## WORK TASK
Return all the entries below exactly as they were given.

## RECORDS
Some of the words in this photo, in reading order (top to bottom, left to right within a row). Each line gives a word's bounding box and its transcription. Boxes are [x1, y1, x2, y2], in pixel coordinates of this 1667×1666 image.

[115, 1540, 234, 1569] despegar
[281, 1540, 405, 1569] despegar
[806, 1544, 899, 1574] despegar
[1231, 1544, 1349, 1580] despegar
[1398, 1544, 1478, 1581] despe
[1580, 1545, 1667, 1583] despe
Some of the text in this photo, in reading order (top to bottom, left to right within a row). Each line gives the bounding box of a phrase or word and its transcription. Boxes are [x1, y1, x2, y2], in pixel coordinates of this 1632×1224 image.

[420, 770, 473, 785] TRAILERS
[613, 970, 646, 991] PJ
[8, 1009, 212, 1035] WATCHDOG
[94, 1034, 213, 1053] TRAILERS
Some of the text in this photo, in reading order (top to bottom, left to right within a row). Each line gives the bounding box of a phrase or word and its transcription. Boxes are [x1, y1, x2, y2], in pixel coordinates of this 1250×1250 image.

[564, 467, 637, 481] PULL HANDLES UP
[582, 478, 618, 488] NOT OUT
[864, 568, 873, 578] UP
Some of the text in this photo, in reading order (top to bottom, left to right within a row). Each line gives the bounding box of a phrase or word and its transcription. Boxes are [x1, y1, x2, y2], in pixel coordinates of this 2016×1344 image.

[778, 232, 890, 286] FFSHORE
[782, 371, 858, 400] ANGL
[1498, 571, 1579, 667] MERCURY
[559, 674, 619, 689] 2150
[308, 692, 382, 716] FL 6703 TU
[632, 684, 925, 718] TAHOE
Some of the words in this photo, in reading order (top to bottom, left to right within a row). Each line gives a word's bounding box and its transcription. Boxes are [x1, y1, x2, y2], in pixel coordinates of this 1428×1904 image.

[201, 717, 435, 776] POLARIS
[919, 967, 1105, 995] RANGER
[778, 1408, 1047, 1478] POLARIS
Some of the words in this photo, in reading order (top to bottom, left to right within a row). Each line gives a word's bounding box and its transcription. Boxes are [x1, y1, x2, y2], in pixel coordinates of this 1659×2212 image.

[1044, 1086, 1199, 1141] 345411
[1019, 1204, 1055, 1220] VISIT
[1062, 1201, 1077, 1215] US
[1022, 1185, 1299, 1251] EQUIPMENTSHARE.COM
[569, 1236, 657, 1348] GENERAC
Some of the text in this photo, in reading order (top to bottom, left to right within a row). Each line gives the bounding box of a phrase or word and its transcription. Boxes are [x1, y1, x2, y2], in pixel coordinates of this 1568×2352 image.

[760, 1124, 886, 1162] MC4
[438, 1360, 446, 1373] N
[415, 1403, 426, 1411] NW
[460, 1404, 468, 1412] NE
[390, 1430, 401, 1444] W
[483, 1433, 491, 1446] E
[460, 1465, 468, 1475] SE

## ANSWER AREA
Some of the words in this photo, in reading order (top to bottom, left to right within a row). Each line gives a word's bounding box and its transcription. Boxes are [x1, y1, x2, y2], in pixel coordinates of this 1667×1666 image.

[115, 1540, 234, 1569] despegar
[281, 1540, 405, 1569] despegar
[806, 1544, 899, 1574] despegar
[1231, 1544, 1349, 1580] despegar
[1398, 1544, 1478, 1581] despe
[1580, 1545, 1667, 1583] despe
Some of the text in this photo, in reading order (top to bottom, left to right within a row). Each line gives the bounding box of a phrase or word and its transcription. Boxes are [x1, y1, x2, y2], in pixel coordinates of this 1632×1224 image.

[420, 770, 473, 785] TRAILERS
[613, 970, 646, 991] PJ
[8, 1009, 212, 1035] WATCHDOG
[94, 1034, 213, 1053] TRAILERS
Some of the text in this photo, in reading order (top to bottom, left to right within a row). Each line gives the bounding box of a phrase or word and its transcription. Boxes are [x1, y1, x2, y2], in pixel coordinates of this 1250×1250 image.

[564, 467, 637, 481] PULL HANDLES UP
[582, 478, 618, 488] NOT OUT
[864, 568, 873, 578] UP
Some of the text in this photo, in reading order (top to bottom, left to right within a row). Each line gives the bounding box of a phrase or word and its transcription. Boxes are [x1, y1, x2, y2], in pixel coordinates of this 2016×1344 image.

[778, 232, 890, 286] FFSHORE
[782, 371, 858, 400] ANGL
[1498, 571, 1579, 667] MERCURY
[559, 674, 619, 689] 2150
[308, 692, 382, 716] FL 6703 TU
[632, 684, 925, 718] TAHOE
Some of the words in this photo, in reading order (top to bottom, left to right within a row). Each line gives a word's bounding box and its transcription. Boxes are [x1, y1, x2, y2], in pixel coordinates of this 1428×1904 image.

[201, 717, 435, 776] POLARIS
[919, 967, 1105, 995] RANGER
[778, 1408, 1047, 1478] POLARIS
Some of the words in this photo, in reading order (top to bottom, left to right within a row). Each line gives a word's bounding box and its transcription. Boxes are [x1, y1, x2, y2], in pixel coordinates of this 1659×2212 image.

[1044, 1086, 1199, 1141] 345411
[1019, 1204, 1055, 1220] VISIT
[1062, 1201, 1077, 1215] US
[1022, 1185, 1299, 1251] EQUIPMENTSHARE.COM
[569, 1236, 657, 1348] GENERAC
Some of the text in this photo, in reading order (top to bottom, left to right within a row). Each line gives the bounding box of a phrase or word and its transcription. Boxes are [x1, y1, x2, y2], in pixel coordinates of this 1568×2352 image.

[760, 1124, 886, 1162] MC4
[438, 1360, 446, 1373] N
[415, 1403, 426, 1411] NW
[460, 1404, 468, 1412] NE
[390, 1430, 401, 1444] W
[483, 1433, 491, 1446] E
[460, 1465, 468, 1475] SE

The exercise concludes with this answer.